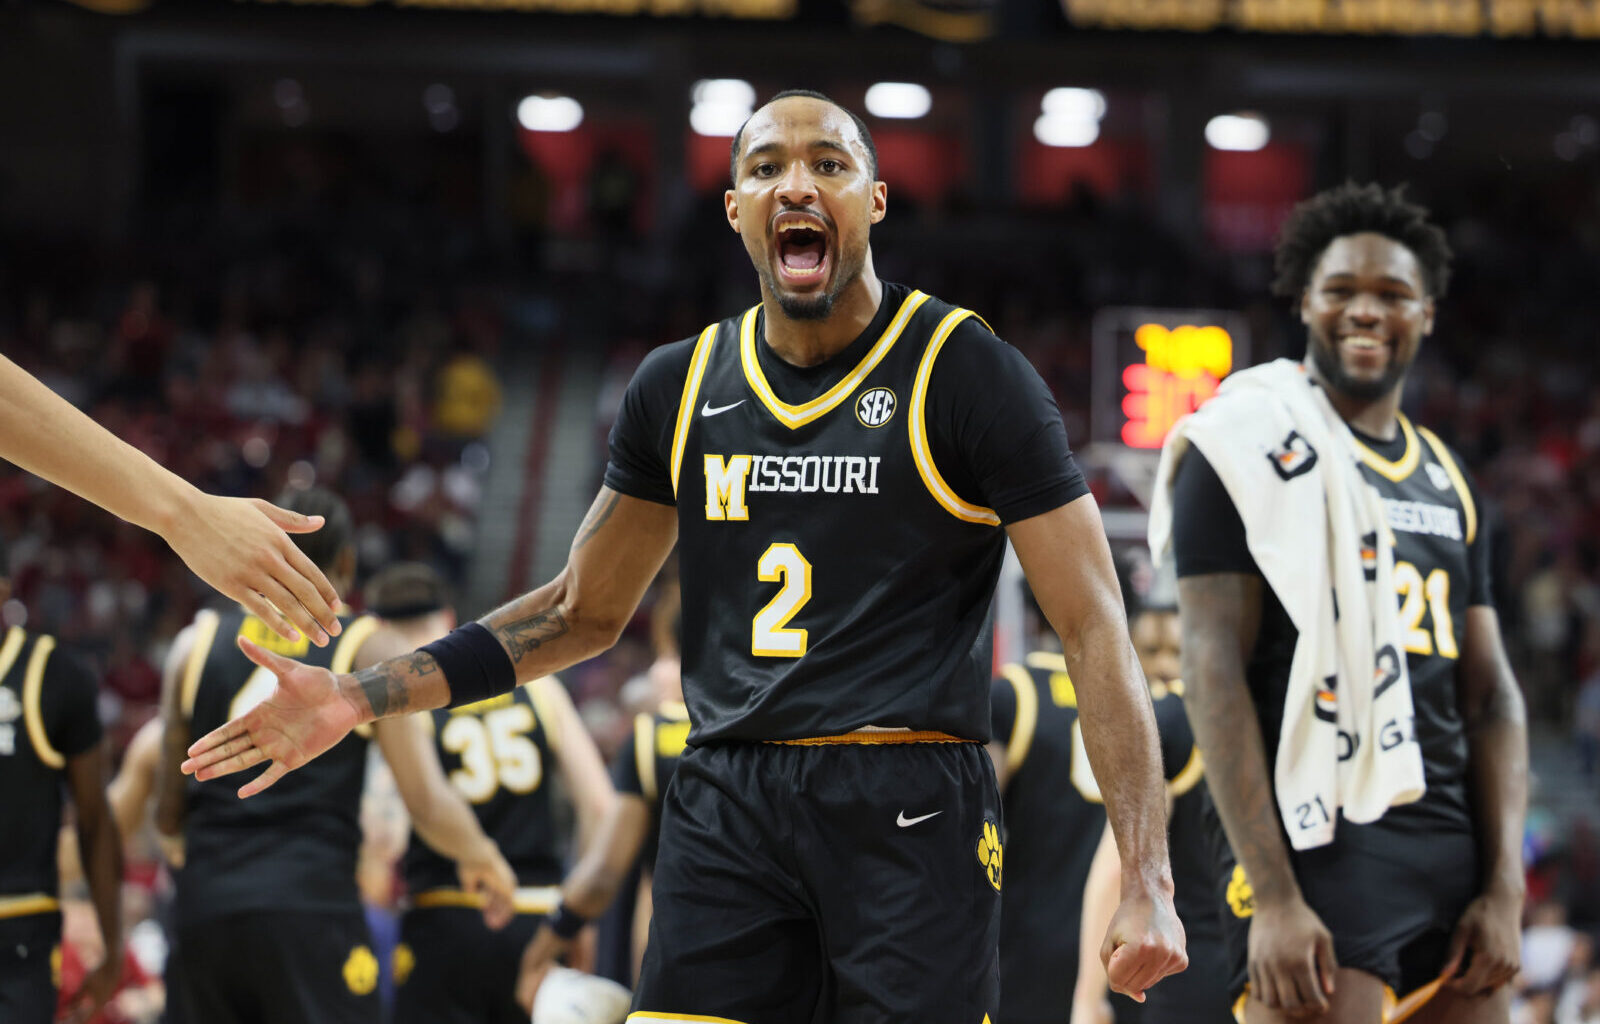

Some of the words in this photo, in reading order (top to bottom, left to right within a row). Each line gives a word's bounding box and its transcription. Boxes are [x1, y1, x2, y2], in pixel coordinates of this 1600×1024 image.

[859, 390, 894, 425] SEC
[704, 454, 881, 521] MISSOURI
[751, 542, 813, 658] 2
[1393, 561, 1459, 660] 21
[441, 702, 543, 805] 35
[1296, 794, 1330, 830] 21

**Your assignment**
Would you output the listing above verbatim, without its pictures?

**Problem solution**
Some of the words in this photo, in reading order (top to bottom, left to right within a row). Each line gives a word's bounding box and its transcription. Boxes are [x1, y1, x2, y2], in pixel coordinates of this 1600×1024 image.

[859, 390, 894, 425] SEC
[704, 454, 881, 521] MISSOURI
[751, 542, 813, 658] 2
[1393, 561, 1459, 660] 21
[441, 702, 543, 805] 35
[1296, 794, 1330, 830] 21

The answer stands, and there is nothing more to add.